Methods: All synthetic compounds were subjected to three animal models of seizure (MES, scPTZ and sc3-MP models) combined with neurotoxicity test, as well as the LDH inhibitory test. Furthermore, GABAA Receptor modulation and pharmacokinetic evaluation of compound 4k were also performed.

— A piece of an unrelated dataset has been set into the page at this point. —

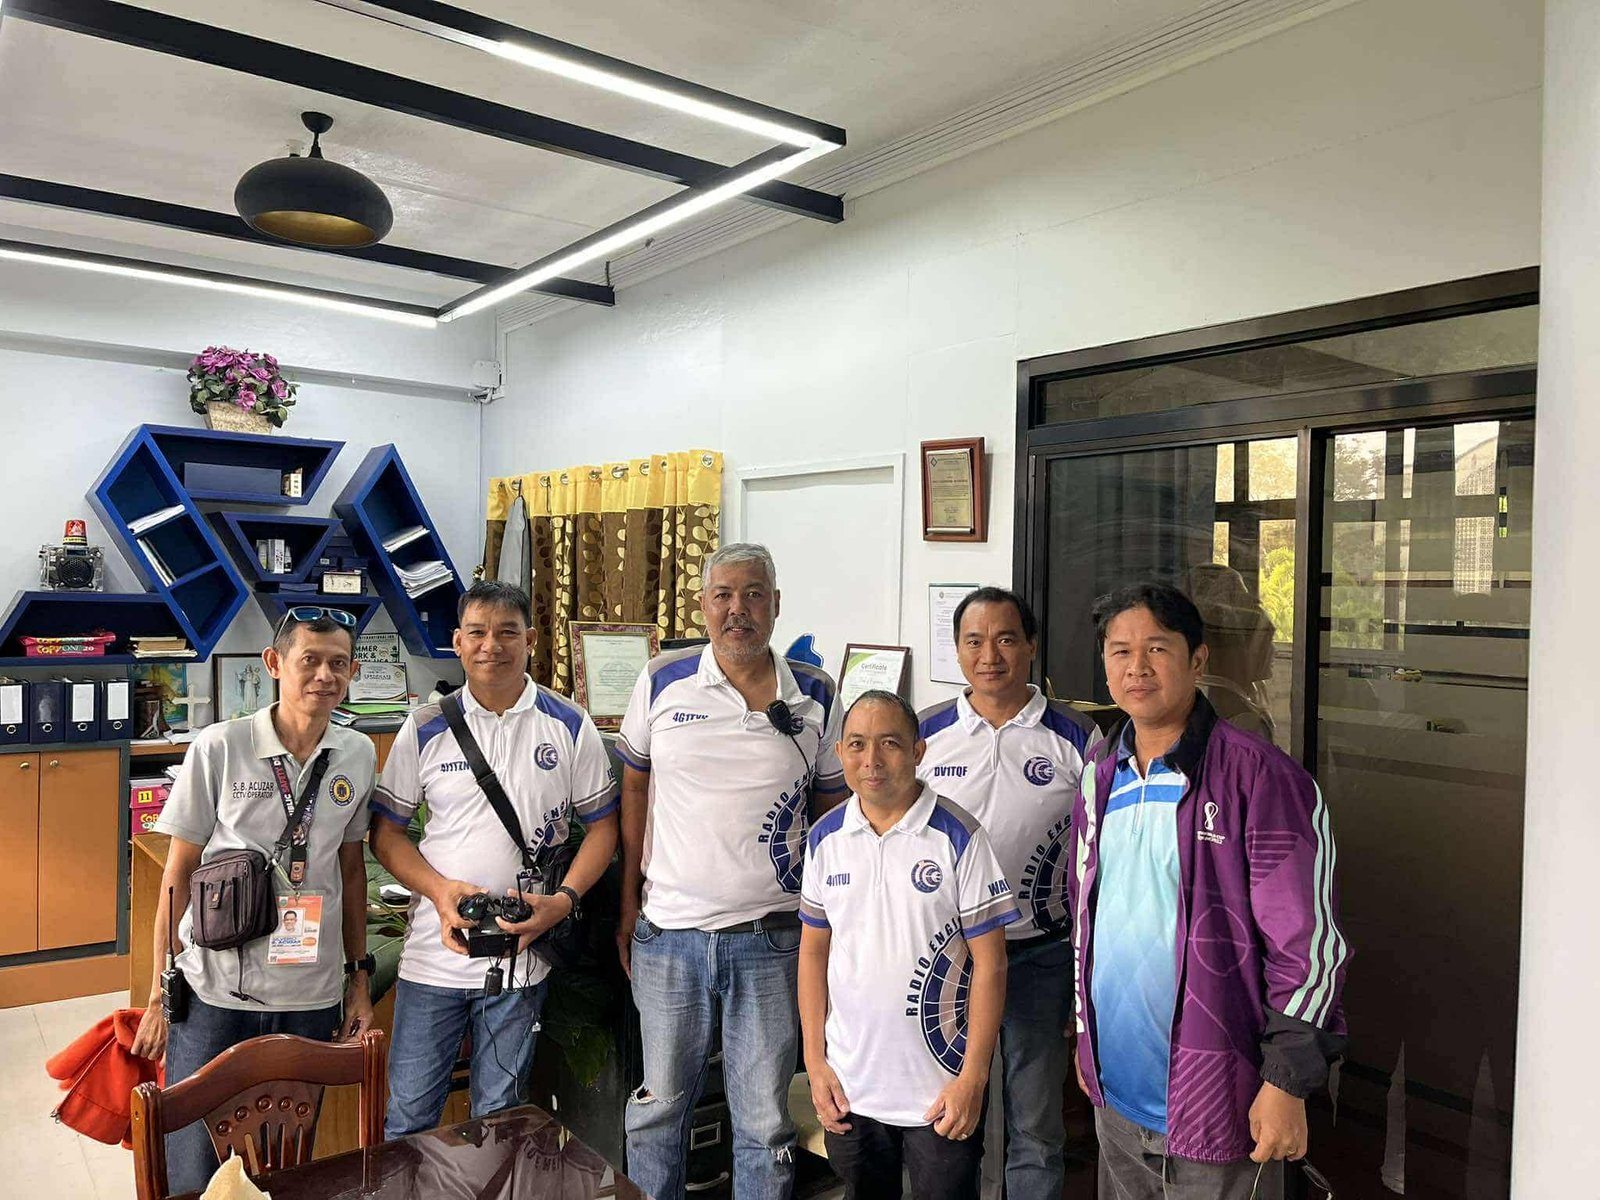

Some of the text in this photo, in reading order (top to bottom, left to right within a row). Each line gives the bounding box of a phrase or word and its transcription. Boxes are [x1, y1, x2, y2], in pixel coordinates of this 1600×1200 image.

Results: Five compounds (4a, 4b, 4d, 4e and 4k) showed significant anticonvulsant properties at the dose of 30-300 mg/kg in MES and scPTZ test, but weak activity in sc3-MP model. Meanwhile, 4a, 4b, 4d and 4k showed good LDH inhibitory activity in vitro. Specifically, 4k was the best compound in above evaluation, and better than that of α-asaronol and reference compound (stiripentol). In addition, 4k could increase chloride ion influx by modulating GABAA receptor α1β2γ2 subtype with EC50 of 48.65 ± 10.31 μM and showed good PK profiles in rats with moderate oral bioavailability (51.5%).

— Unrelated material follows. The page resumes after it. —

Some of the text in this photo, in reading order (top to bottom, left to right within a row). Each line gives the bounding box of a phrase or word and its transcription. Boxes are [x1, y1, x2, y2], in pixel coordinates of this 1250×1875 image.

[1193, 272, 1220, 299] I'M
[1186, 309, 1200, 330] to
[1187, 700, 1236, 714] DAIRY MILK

Conclusion: These results suggested 4k possesses potential effectiveness in treatment of therapyresistant seizures and is expected to be developed as a novel molecule for safer and efficient anticonvulsants having neuroprotective effects as well as low toxicity.

背景：我们以前的研究表明，α-细辛醇是一种潜在的抗癫痫药。在此，设计，合成和评估了十二种α-细辛醇的O末端修饰的酯衍生物，并评估了其抗惊厥活性。

方法：对所有合成化合物进行三种动物癫痫发作模型（MES，scPTZ和sc3-MP模型），并进行神经毒性试验和LDH抑制试验。此外，还进行了化合物4k的GABAA受体调节和药代动力学评估。

结果：5种化合物（4a，4b，4d，4e和4k）在MES和scPTZ测试中在30-300 mg / kg剂量下显示出显着的抗惊厥特性，但在sc3-MP模型中活性较弱。同时，4a，4b，4d和4k在体外显示出良好的LDH抑制活性。具体而言，4k是上述评估中最好的化合物，并且优于α-细辛醇和参比化合物（stiripentol）。此外，4k可以通过调节GABAA受体α1β2γ2亚型而增加氯离子的流入，EC50为48.65±10.31μM，在中等口服生物利用度（51.5％）的大鼠中表现出良好的PK分布。

结论：这些结果表明4k具有治疗耐药性癫痫的潜在功效，并有望被开发为一种新型分子，用于具有神经保护作用和低毒性的更安全有效的抗惊厥药。